You can read Mandel’s article by clicking here. The following is the set-up of the piece:
Did you happen to watch last Thursday’s Florida State-N.C. State game? Right after the game, Dr. Jerry Punch asked Chuck Amato — the guy I dubbed No. 1 worst coach over the summer — whether the win would “quiet some of the critics who have been writing all this stuff about you.” Amato, in one of the great responses of all time, said with a straight face, “What critics? … I have no idea what you’re talking about,” and ran off the field. Also, at halftime of that game, Lou Holtz reached a new low in studio analysis when he referred to former Georgia quarterback D.J. Shockley as “J.D. Stokley.” Both events help explain a dream I had when I went to bed that night.
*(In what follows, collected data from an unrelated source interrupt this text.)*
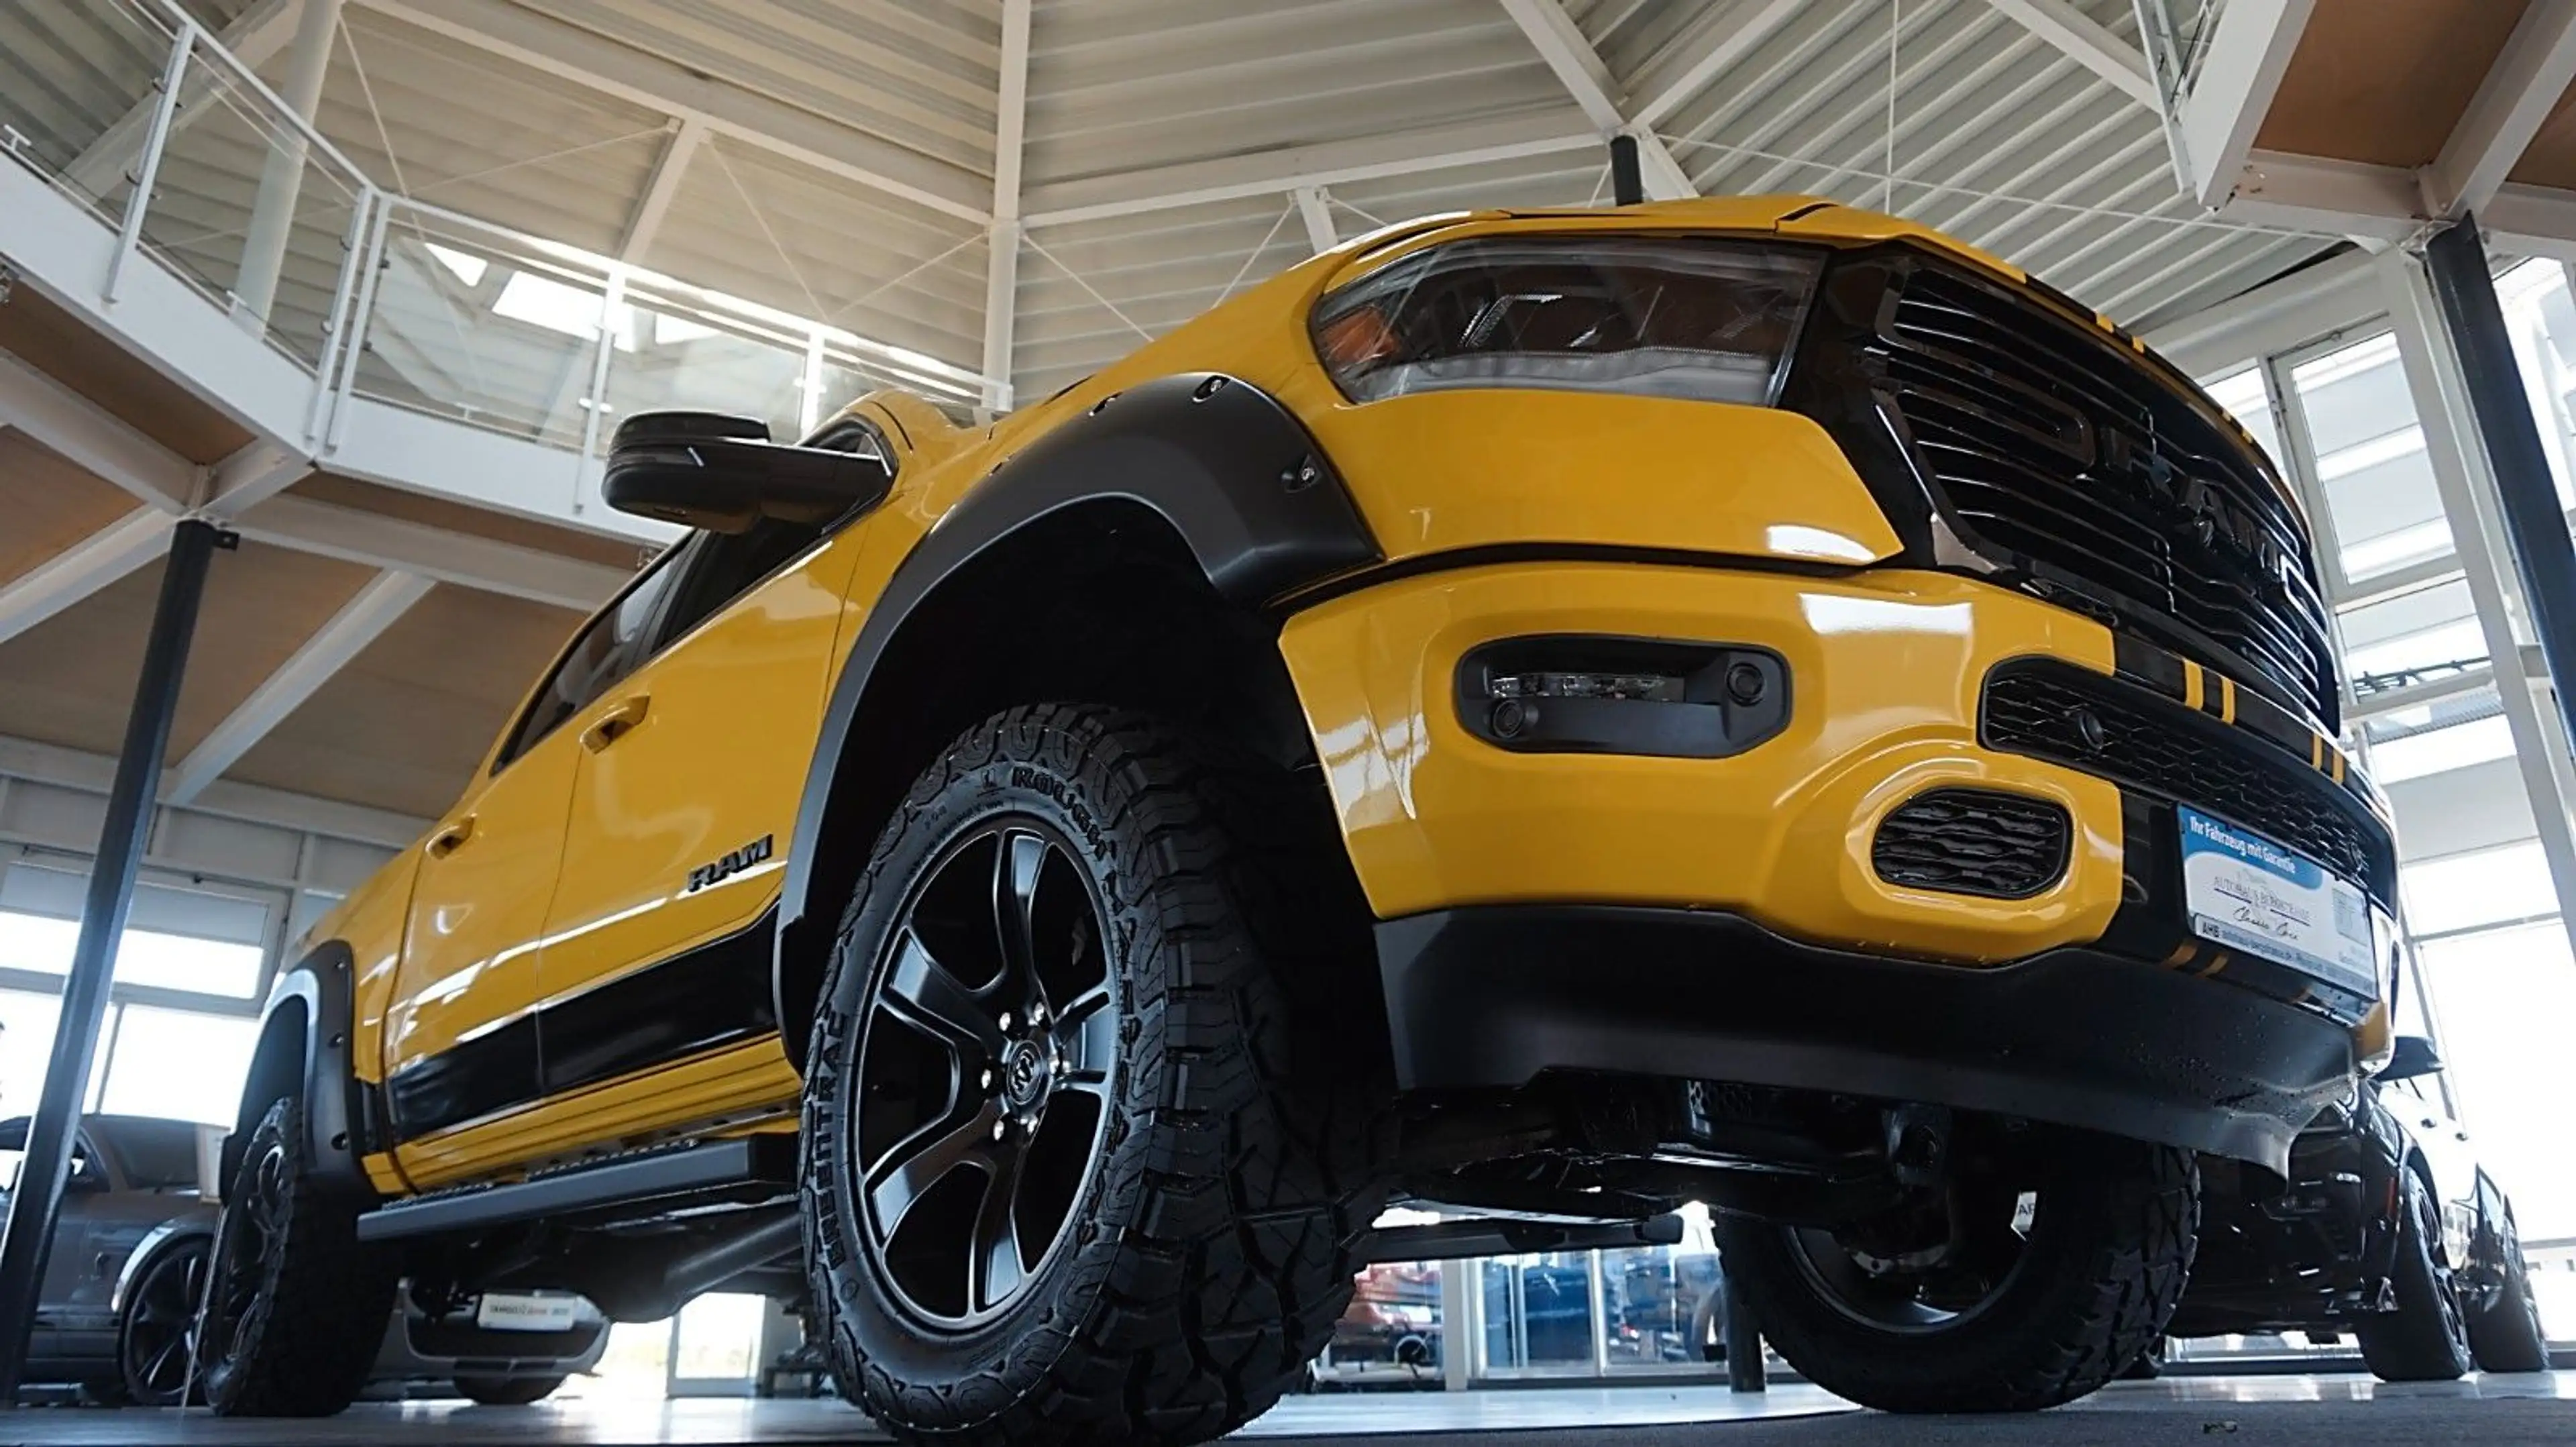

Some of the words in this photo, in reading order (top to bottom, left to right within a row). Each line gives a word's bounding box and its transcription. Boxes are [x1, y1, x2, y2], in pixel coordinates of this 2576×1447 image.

[2100, 425, 2282, 582] RAM
[686, 833, 773, 892] RAM
[2189, 816, 2204, 835] Ihr
[2204, 822, 2247, 857] Fahrzeug
[2247, 843, 2263, 859] mit
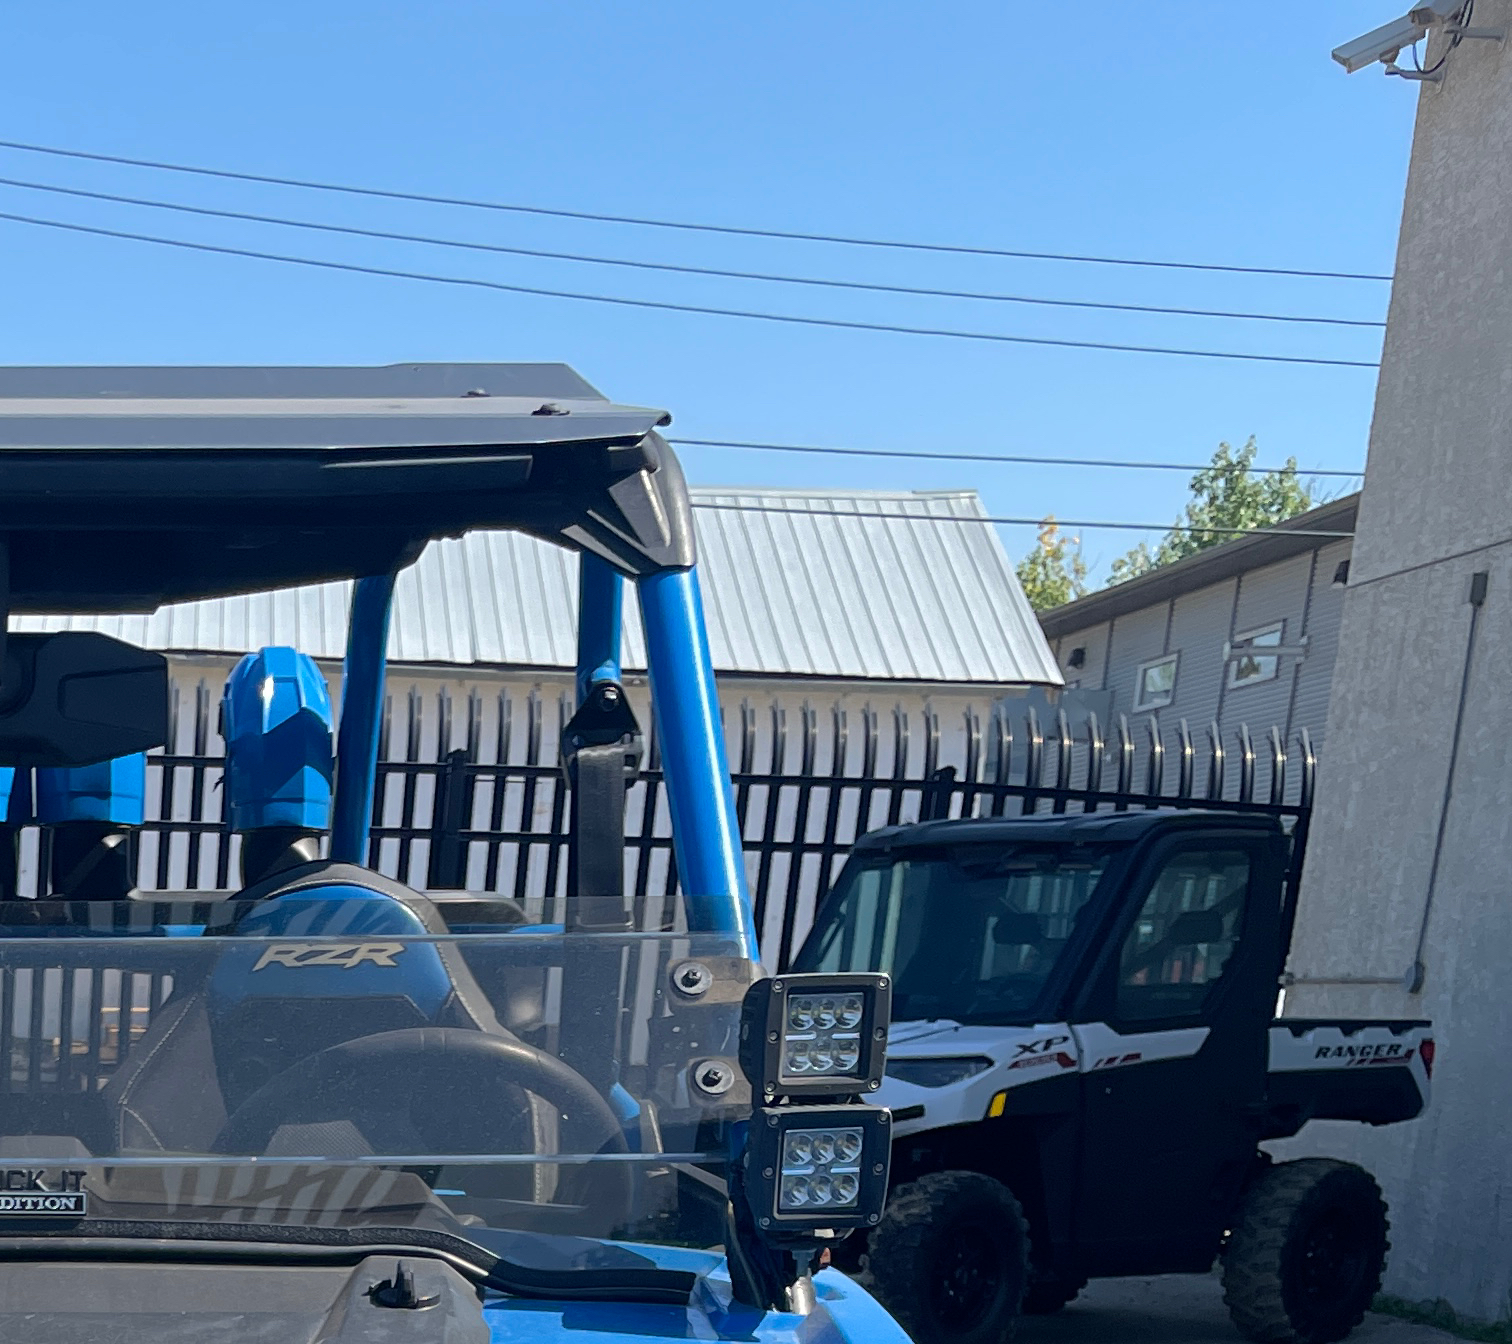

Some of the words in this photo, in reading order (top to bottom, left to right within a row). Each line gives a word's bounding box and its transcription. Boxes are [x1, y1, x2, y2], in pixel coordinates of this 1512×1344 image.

[252, 942, 405, 971] RZR
[1011, 1036, 1070, 1058] XP
[1314, 1043, 1403, 1059] RANGER
[61, 1169, 87, 1192] IT
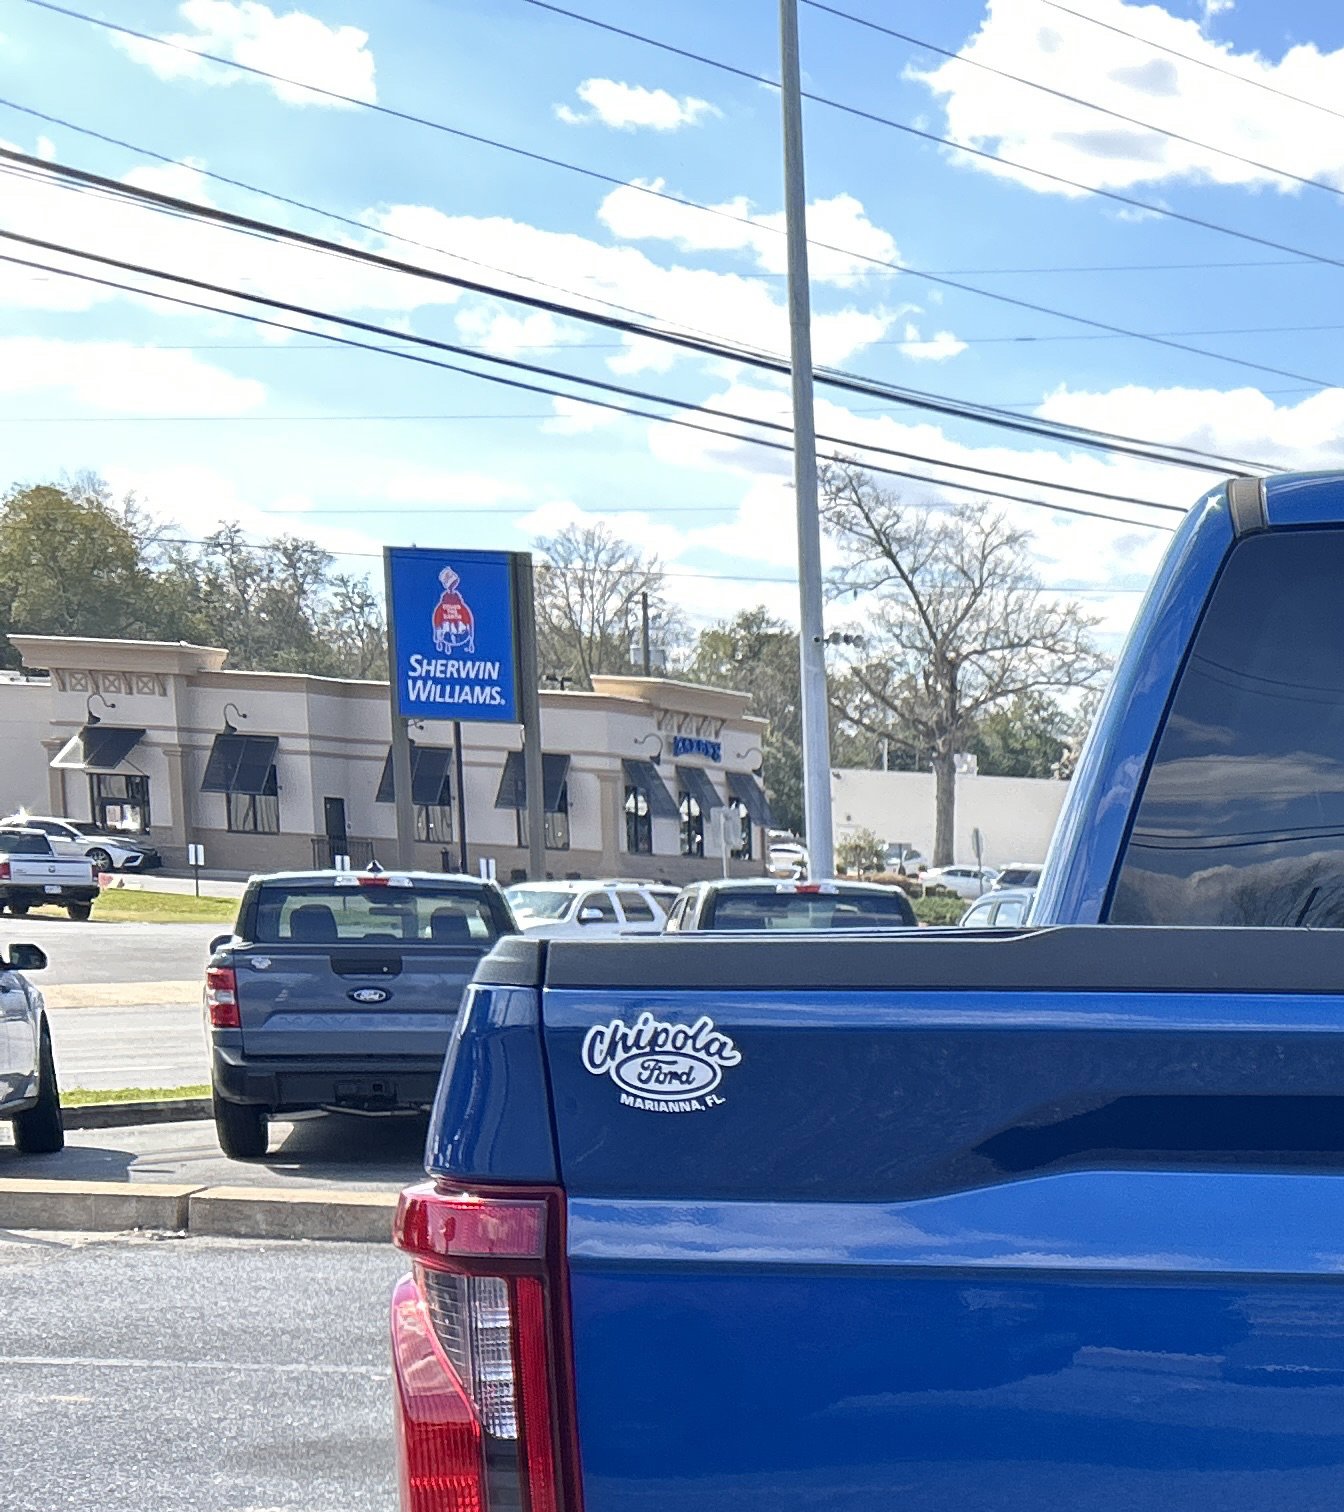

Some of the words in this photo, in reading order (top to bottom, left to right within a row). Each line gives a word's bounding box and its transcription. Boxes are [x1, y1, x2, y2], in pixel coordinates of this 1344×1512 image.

[408, 654, 500, 680] SHERWIN
[585, 1014, 739, 1071] Chipola
[637, 1059, 696, 1085] Ford
[620, 1093, 706, 1112] MARIANNA,
In it, I was in a classroom with the N.C. State football team. I was sitting on the far-left side in one of those awful “chair desks” that you have to squeeze yourself into. An unidentified woman at the front of the room (I don’t think she was a teacher) asked if anyone had “anything to say to Coach Amato,” who was sitting on the opposite side of the room. I turned to him and started politely explaining how the list was compiled, and why he shouldn’t take it personally — only I couldn’t make myself heard over Holtz, who was sitting in one of the rows between us gabbing with the person in front of him. That’s the last thing I remember.
So to clear my conscience, I think I had better revisit — and, in some cases, revise — the list.